Symfony - generate url with parameter in controller

南楼画角 提交于 2019-12-03 04:42:29

问题


I want to generate a Url directly in my controller. I want to user a url defined in my routing.yml file that needs a parameter.

I've found that code in the Cookbook (Routage section) :

$params = $router->match('/blog/my-blog-post');
// array('slug' => 'my-blog-post', '_controller' => 'AcmeBlogBundle:Blog:show')

$uri = $router->generate('blog_show', array('slug' => 'my-blog-post'));
// /blog/my-blog-post

But I don't understand to what is refering the $router. Obviously, it doesn't work.

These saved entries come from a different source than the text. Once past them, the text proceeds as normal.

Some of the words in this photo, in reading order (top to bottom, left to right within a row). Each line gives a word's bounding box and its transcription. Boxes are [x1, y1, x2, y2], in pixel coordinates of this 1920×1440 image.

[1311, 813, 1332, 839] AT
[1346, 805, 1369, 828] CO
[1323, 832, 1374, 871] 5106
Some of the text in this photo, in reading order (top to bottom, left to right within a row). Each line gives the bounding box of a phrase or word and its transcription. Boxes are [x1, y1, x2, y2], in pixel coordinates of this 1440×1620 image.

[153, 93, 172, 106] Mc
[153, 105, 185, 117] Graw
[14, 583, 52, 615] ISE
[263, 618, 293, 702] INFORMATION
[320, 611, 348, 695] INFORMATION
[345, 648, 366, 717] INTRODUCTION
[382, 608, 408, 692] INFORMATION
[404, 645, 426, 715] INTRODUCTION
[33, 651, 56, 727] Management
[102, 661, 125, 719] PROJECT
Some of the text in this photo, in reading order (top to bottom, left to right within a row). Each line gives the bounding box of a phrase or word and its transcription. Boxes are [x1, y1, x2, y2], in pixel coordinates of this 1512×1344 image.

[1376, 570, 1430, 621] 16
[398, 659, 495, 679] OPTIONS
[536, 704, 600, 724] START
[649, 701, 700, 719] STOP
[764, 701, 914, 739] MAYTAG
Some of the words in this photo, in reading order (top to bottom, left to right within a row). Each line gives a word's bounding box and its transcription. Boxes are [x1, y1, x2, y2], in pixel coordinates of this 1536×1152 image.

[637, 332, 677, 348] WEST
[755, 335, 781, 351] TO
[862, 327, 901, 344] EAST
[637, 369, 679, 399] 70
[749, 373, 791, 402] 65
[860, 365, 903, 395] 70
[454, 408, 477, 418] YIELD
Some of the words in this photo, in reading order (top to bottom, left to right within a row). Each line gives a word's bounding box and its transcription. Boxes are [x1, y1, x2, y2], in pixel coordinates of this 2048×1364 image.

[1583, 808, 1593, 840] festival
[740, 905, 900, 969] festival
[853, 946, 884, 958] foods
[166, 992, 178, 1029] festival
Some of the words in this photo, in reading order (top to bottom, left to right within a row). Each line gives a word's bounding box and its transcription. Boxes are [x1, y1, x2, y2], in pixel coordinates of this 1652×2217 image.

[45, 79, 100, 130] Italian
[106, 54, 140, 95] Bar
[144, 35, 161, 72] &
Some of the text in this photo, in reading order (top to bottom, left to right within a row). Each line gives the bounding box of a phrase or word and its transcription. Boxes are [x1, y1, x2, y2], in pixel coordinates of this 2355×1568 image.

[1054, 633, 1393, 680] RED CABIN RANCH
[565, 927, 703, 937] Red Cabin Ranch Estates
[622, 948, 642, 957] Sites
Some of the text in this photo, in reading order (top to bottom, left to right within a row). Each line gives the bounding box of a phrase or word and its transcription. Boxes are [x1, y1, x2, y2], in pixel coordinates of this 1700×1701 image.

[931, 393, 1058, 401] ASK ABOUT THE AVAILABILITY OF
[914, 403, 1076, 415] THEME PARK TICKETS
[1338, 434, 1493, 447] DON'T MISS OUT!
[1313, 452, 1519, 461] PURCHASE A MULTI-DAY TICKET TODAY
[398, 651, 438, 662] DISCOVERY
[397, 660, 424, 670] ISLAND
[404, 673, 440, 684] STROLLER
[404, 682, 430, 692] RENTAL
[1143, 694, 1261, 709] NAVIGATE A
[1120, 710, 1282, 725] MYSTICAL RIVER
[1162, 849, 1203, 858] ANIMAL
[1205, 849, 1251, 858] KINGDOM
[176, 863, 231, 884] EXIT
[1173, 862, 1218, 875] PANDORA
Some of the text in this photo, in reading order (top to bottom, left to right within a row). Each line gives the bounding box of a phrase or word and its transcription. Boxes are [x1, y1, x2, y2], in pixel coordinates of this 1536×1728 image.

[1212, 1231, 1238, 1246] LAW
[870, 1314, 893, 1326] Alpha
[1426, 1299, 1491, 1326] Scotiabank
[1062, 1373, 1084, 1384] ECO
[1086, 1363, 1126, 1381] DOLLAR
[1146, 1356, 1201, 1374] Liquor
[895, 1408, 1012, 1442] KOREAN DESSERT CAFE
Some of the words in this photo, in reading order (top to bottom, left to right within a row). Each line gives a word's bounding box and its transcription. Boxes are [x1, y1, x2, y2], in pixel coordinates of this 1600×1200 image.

Is there a simple way to generate a routing url with a paramter in a controller ?


回答1:


It's pretty simple :

public function myAction()
{
    $url = $this->generateUrl('blog_show', array('slug' => 'my-blog-post'));
}

Inside an action, $this->generateUrl is an alias that will use the router to get the wanted route, also you could do this that is the same :

$this->get('router')->generate('blog_show', array('slug' => 'my-blog-post'));



回答2:


If you want absolute urls, you have the third parameter.

$product_url = $this->generateUrl('product_detail', 
    array(
        'slug' => 'slug'
    ),
    UrlGeneratorInterface::ABSOLUTE_URL
);

Remember to include UrlGeneratorInterface.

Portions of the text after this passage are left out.